I've noticed than some of the latest Tasks aren't checkpointing properly, so if you interrupt them they will revert back to the last successful checkpoint.
Next time, just let it run- the default time is 8 hours, and there is a 10 hour watchdog timer in case it's not done within 8 hours. If it's still going after 20hours, then you might want to kill it off.


Grant, thank you for your reply. I don't quite understand your "20 hours" comment. I let the task run for 16 hours. If there is a watchdog timer at 10 hours, what is the different between anything over 10 hours (e.g. 11 hours, 16 hours and 20 hours) not completing? Isn't it just stuck at that point?



The watchdog isn't at 10 hours. It's 10 hours AFTER whatever the CPU runtime setting is at. So, if you are running with the default setting, which is 8 CPU hours, then the watchdog will only kick in at 18 hours.

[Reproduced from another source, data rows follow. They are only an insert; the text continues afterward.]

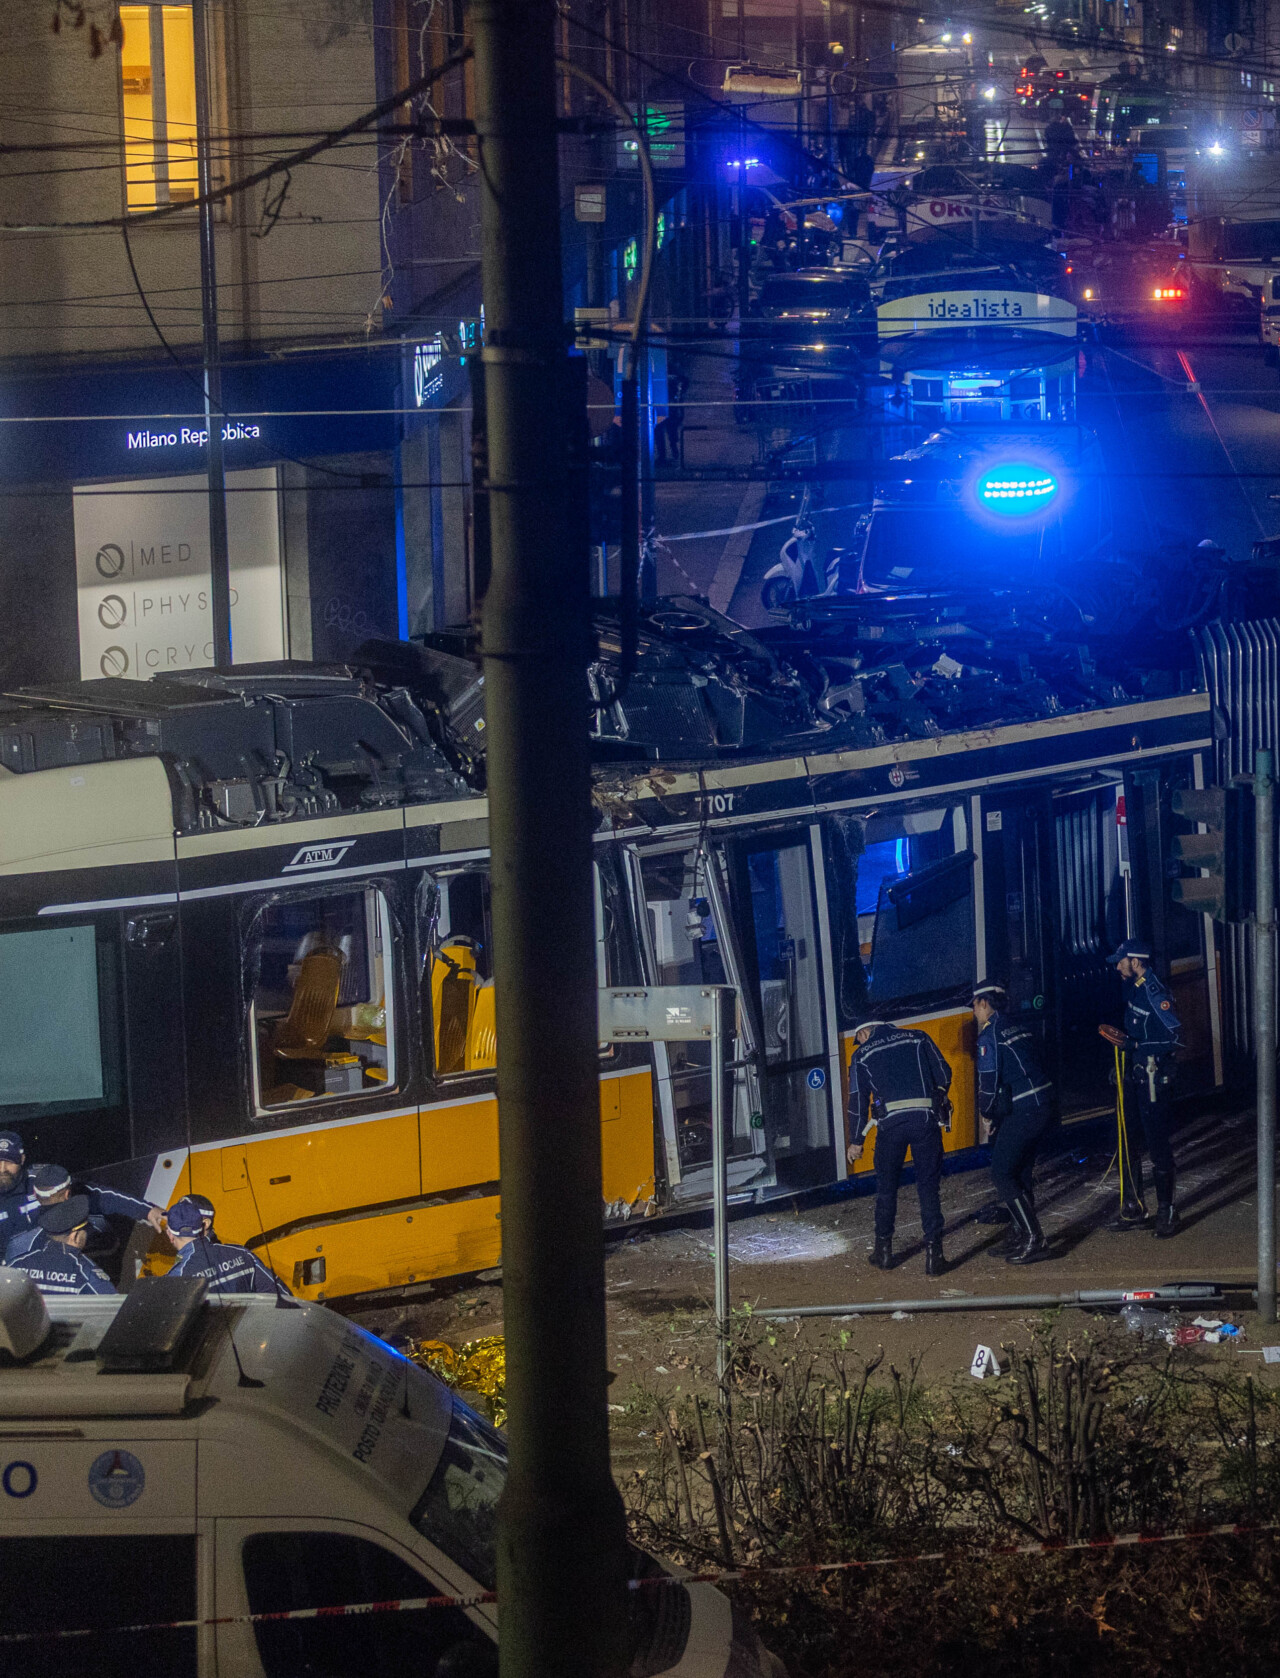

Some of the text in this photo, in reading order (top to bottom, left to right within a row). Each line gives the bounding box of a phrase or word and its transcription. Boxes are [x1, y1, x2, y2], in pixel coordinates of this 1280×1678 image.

[928, 298, 1022, 317] idealista
[127, 422, 260, 449] Milano Repblica
[140, 543, 192, 566] MED
[142, 587, 239, 617] PHYSO
[303, 848, 334, 864] ATM
[975, 1349, 985, 1368] 8
[314, 1353, 355, 1418] PROTEZIONE
[351, 1422, 381, 1463] POSTO

What Grant meant is that considering the watchdog should kick in at 18 hours, if the task is still running at 20 hours, you might want to abort it.
ID: 101241 · Rating: 0 · rate: Rate + / Rate - Report as offensive    Reply Quote
mrhastyrib

Send message
Joined: 18 Feb 21
Posts: 74
Credit: 523,116
RAC: 8,950
Message 101245 - Posted: 11 Apr 2021, 22:43:24 UTC - in response to Message 101238.  

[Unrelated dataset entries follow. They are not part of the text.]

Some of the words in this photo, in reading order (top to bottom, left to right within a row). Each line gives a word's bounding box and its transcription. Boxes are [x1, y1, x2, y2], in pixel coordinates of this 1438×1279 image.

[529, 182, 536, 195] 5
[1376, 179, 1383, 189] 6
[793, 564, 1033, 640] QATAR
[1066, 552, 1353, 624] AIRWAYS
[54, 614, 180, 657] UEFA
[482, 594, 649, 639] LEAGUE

No idea what you think I've changed

I know. It's that damned Dunning-Kruger thingy.
ID: 101245 · Rating: 0 · rate: Rate + / Rate - Report as offensive    Reply Quote
jsm

Send message
Joined: 4 Apr 20
Posts: 3
Credit: 18,923,016
RAC: 60,260
Message 101247 - Posted: 12 Apr 2021, 6:50:00 UTC - in response to Message 101049.  

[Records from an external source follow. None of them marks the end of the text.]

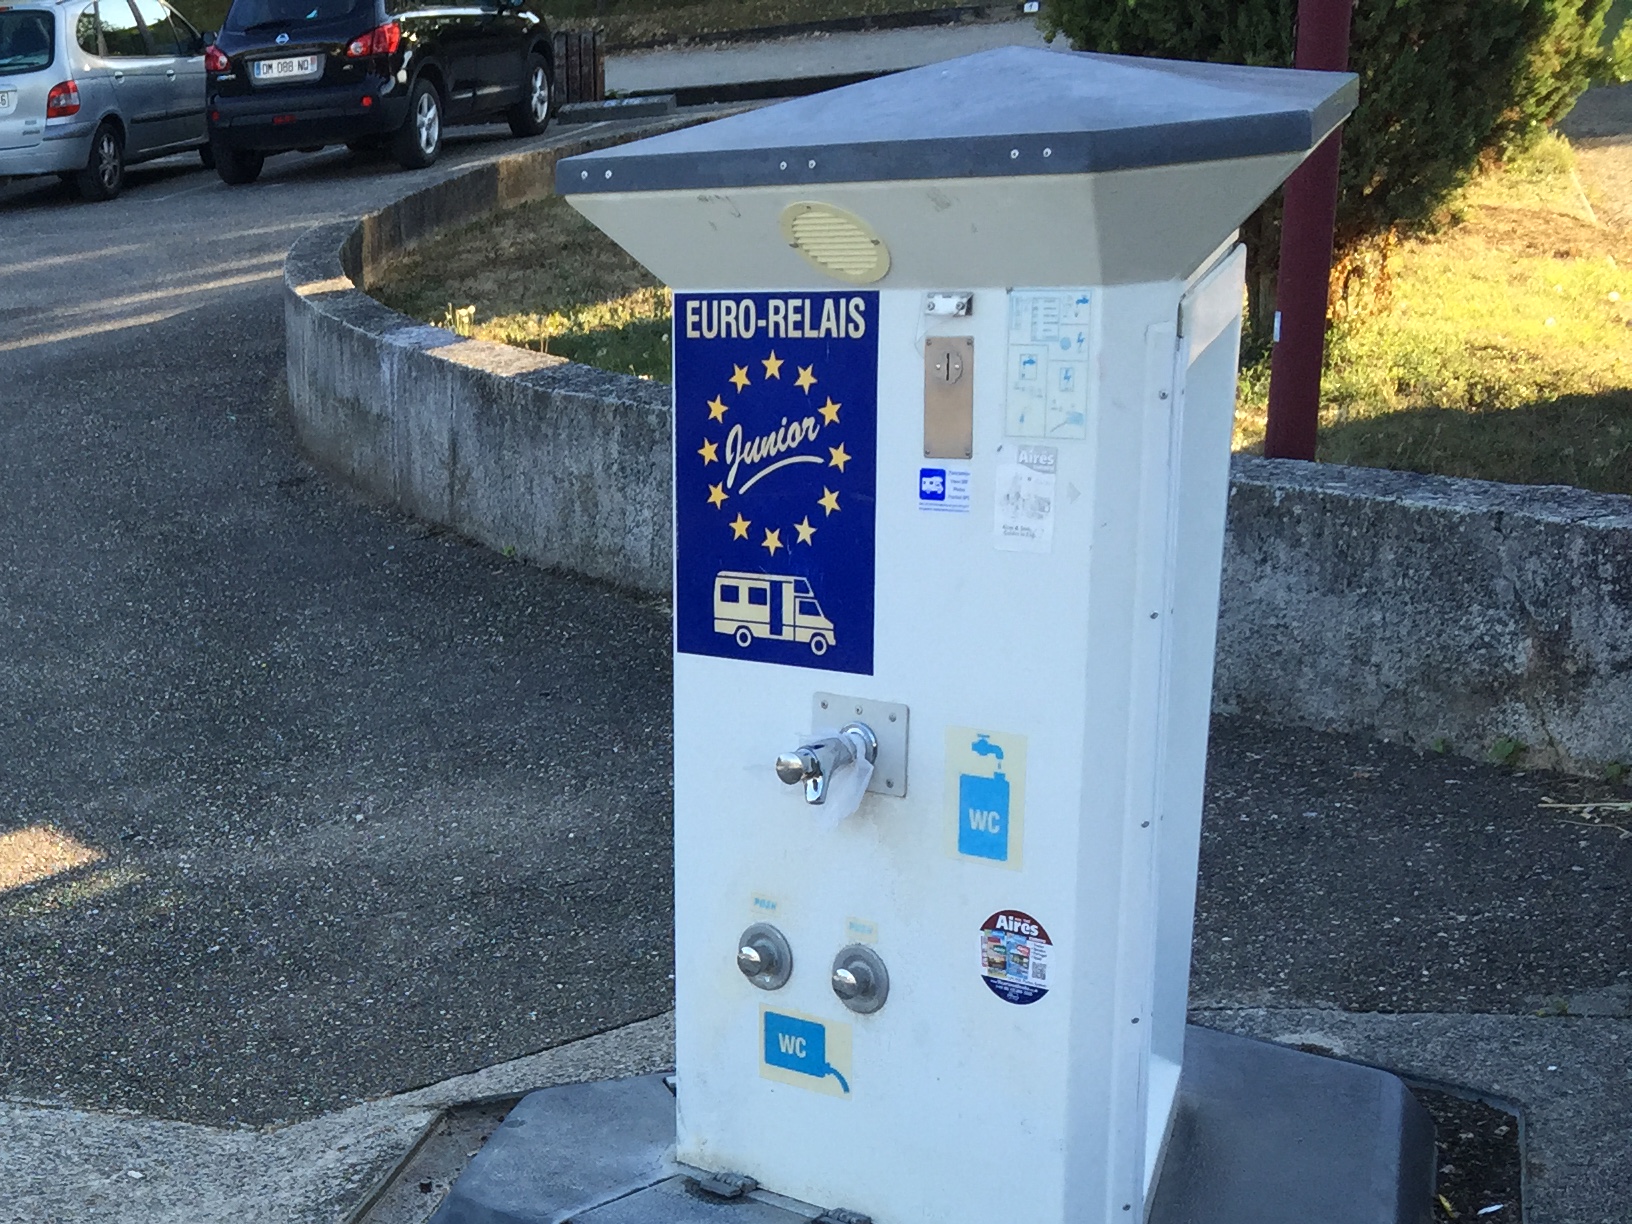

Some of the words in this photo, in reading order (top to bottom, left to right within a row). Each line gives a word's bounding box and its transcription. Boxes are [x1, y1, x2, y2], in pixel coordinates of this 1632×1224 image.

[686, 297, 866, 339] EURO-RELAIS
[725, 416, 820, 489] Junior
[1019, 449, 1055, 465] Aires
[969, 808, 1000, 834] WC
[995, 914, 1039, 937] Aires
[778, 1032, 807, 1059] WC
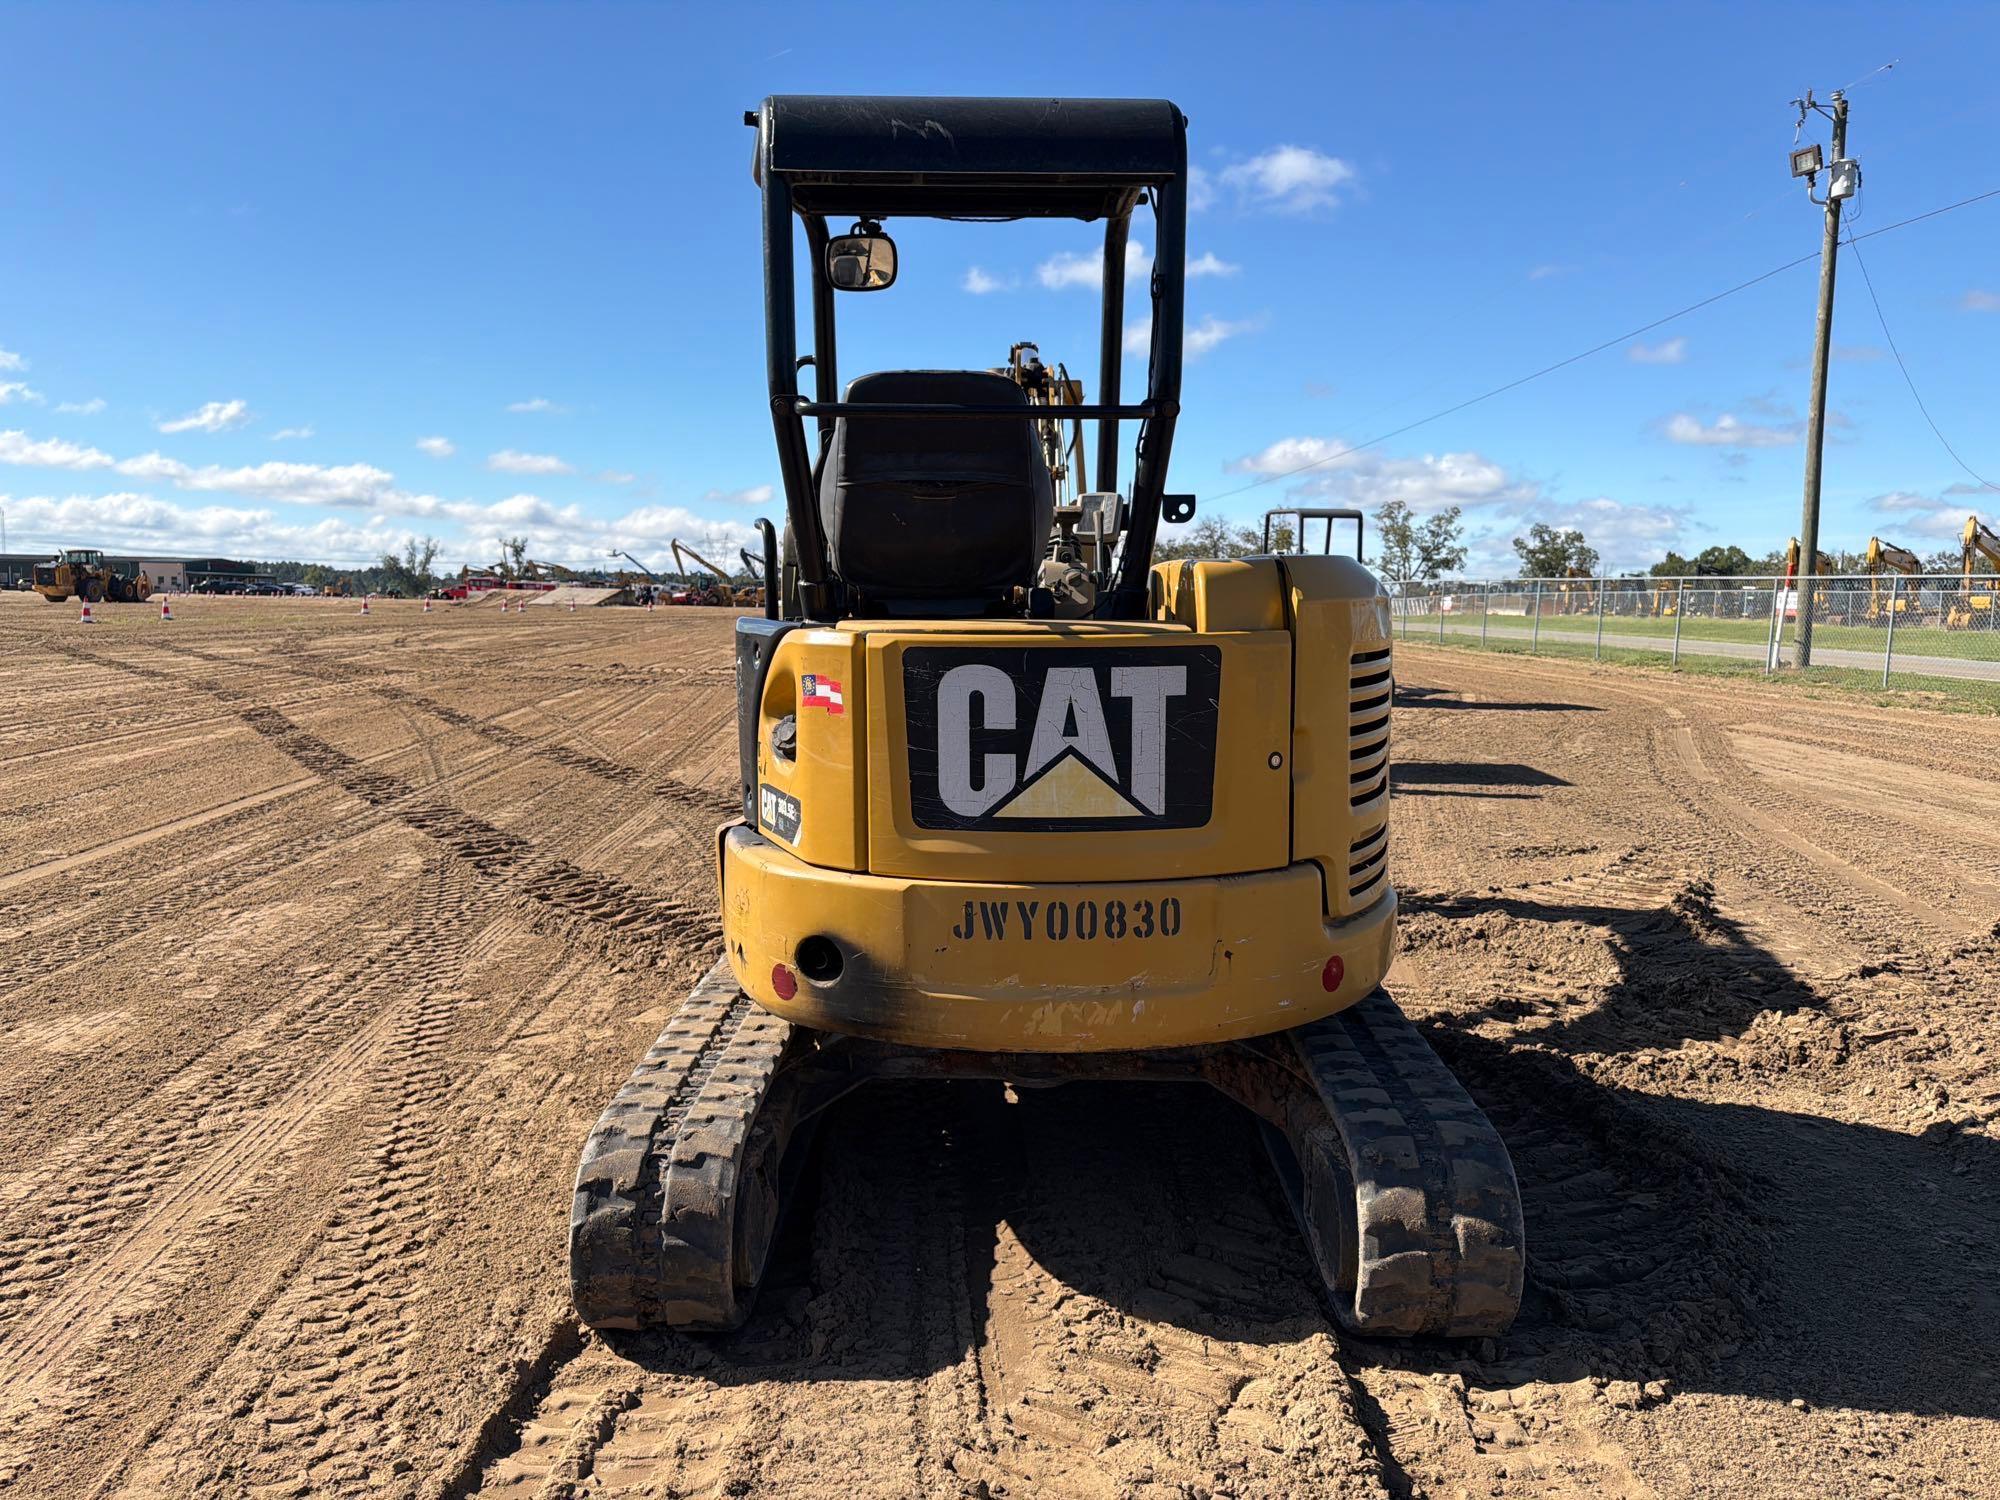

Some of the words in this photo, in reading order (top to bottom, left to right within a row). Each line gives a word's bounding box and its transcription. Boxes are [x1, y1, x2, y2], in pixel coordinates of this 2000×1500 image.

[937, 664, 1187, 817] CAT
[761, 787, 777, 826] CAT
[953, 897, 1181, 941] JWY00830

Running at 22 hours has substantially reduced the bandwidth hog but detailed checking has turned up a query. All the computers are asking the scheduler every minute or so for new tasks to be told 'no can do you have plenty' (I paraphrase). This is clearly putting an unnecessary load on the scheduler and contributing to my bandwidth loss. Is there a way to instruct the preferences only to seek additional work every so often eg 1 hour?
capt
ID: 101247 · Rating: 0 · rate: Rate + / Rate - Report as offensive    Reply Quote
Profile Grant (SSSF)

Send message
Joined: 28 Mar 20
Posts: 927
Credit: 8,729,142
RAC: 22,739
Message 101248 - Posted: 12 Apr 2021, 7:51:08 UTC - in response to Message 101247.  
Last modified: 12 Apr 2021, 7:53:16 UTC

Running at 22 hours has substantially reduced the bandwidth hog but detailed checking has turned up a query. All the computers are asking the scheduler every minute or so for new tasks to be told 'no can do you have plenty' (I paraphrase). This is clearly putting an unnecessary load on the scheduler and contributing to my bandwidth loss. Is there a way to instruct the preferences only to seek additional work every so often eg 1 hour?
capt
How often it asks for work depends on the number of cores/threads you have, the amount of time the system is actually able to process work, and most importantly- on your cache settings.
The fact that many of your Tasks time out before you even return them due to missed deadlines indicates your cache setting is way, way, way, way too large. The estimated completion time for all Tasks, regardless of how long your CPU Target time is set to is 8 hours.
So having a multi-day cache, combined with a longer than the default 8 hour Target CPU time is going to result in endless requests for work, and huge numbers of Tasks missing their deadlines.

In your computing preferences, Other
           Store at least 0.01 days of work
Store up to an additional 0.01 days of work
And they will stop trashing Work Units due to missed deadlines, and stop continually asking for more work.
If you go back to the default 8 hours in the future, you could then bump up the "Store at least 0.01 days of work" to something like 0.2 to maintain a reasonable buffer, that won't result in missed deadlines when things change.
Grant
Darwin NT
ID: 101248 · Rating: 0 · rate: Rate + / Rate - Report as offensive    Reply Quote
Peter Hucker
Avatar

Send message
Joined: 12 Aug 06
Posts: 692
Credit: 5,079,593
RAC: 33,194
Message 101249 - Posted: 12 Apr 2021, 9:51:39 UTC - in response to Message 101245.  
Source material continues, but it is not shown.